A nova direita radical

(António Guerreiro, in Público, 12/01/2023)

António Guerreiro

Os movimentos da direita radical de hoje não participam da cultura de direita de uma aristocracia reaccionária que não tinha nenhum espírito de revolta.


Manifestações e invasões violentas das sedes do poder democrático praticadas por uma massa tão alienada nos seus meios que deixou de reflectir sobre os seus fins, como aquelas que se verificaram há dois anos em Washington e agora em Brasília, podem ser vistas como um fenómeno da era digital, potencializadas pelas redes sociais e os novos meios de comunicação. Mas as bases “mitológicas”, mais do que ideológicas, desta direita radical, nos seus expedientes — a propaganda, a mentira, a difusão das teorias do complot, a indução de reacções emotivas e regressivas — não tem nada de novo, é mais um retorno do mesmo.
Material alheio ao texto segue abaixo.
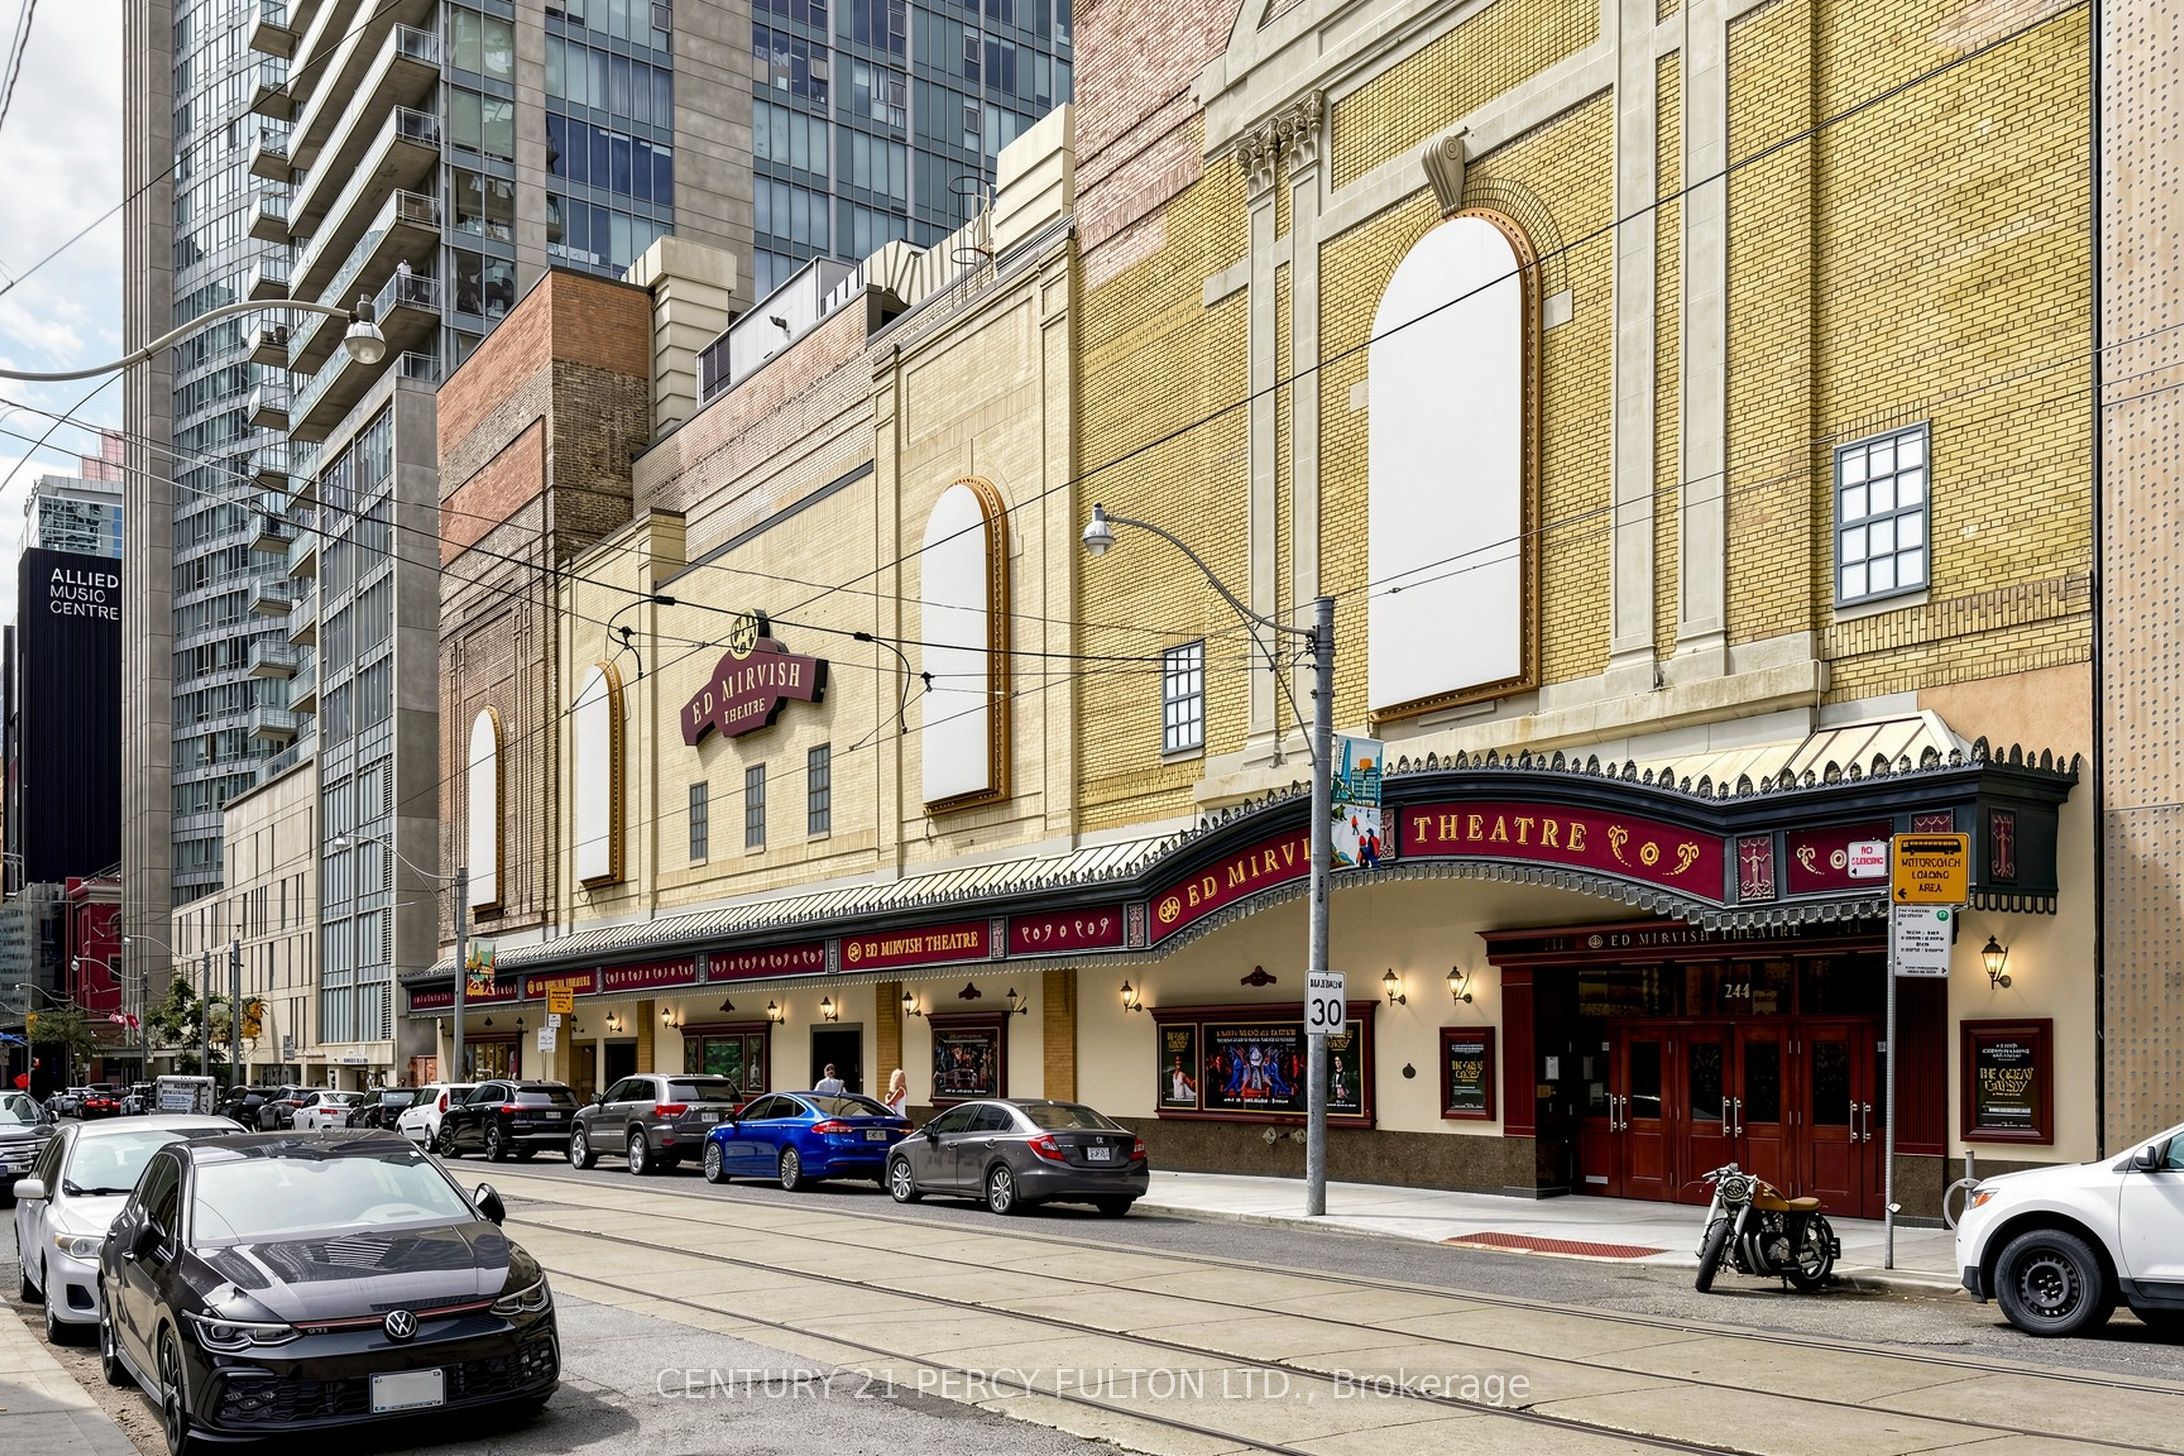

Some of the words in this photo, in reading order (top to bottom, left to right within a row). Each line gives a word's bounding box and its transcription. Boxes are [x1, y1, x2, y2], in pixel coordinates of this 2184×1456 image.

[51, 568, 119, 588] ALLIED
[50, 600, 120, 620] CENTRE
[692, 692, 713, 725] ED
[722, 662, 801, 702] MIRVISH
[724, 697, 766, 725] THEATRE
[1187, 876, 1218, 907] ED
[1227, 837, 1312, 889] MIRVI
[1413, 814, 1587, 852] THEATRE
[881, 937, 923, 956] MIRVISH
[925, 931, 978, 952] THEATRE
[1611, 934, 1630, 947] ED
[1639, 930, 1709, 946] MIRVISH
[1725, 983, 1750, 999] 244
[1310, 998, 1342, 1027] 30
Percebemos isso perfeitamente quando lemos o diagnóstico que Adorno fez da ascensão de um partido neonazi, o NPD, nos anos 60 do século passado, na República Federal da Alemanha. Foi numa conferência, em Viena, no ano de 1967, que o filósofo falou para um auditório de estudantes sobre os “Aspectos do Novo Radicalismo de Direita”: foi este o título da conferência e é este o título do texto transcrito e publicado pela primeira vez sob a forma de livro em 2019 (em Portugal, caso raro, esse livro foi logo publicado no ano seguinte, pelas Edições 70; tradução de Mariana Toldy e Teresa Toldy), com um longo e excelente posfácio do historiador Volker Weiss.
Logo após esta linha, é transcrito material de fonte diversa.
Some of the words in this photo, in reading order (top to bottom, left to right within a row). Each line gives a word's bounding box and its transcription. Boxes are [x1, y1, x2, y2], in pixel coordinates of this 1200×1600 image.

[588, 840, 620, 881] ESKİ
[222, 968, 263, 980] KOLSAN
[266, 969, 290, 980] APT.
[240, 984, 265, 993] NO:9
Muito antes dos processos de difusão de fake news, Adorno identifica o recurso à mentira como um instrumento fundamental desta direita radical, isto é, a difusão reiterada de informações falsas, às vezes grosseiras, outras vezes difíceis de comprovar. A mentira é um dos meios, não o único, que alimenta os mecanismos da propaganda, aptos a fomentar os comportamentos emotivos e a estimular aquilo a que Adorno chama a “ostentação pática” (do grego pathos), sem substância. Encontramos aqui uma análise que prossegue algumas ideias que ele já tinha desenvolvido num texto de 1951, A Teoria Freudiana e o Modelo da Propaganda Fascista.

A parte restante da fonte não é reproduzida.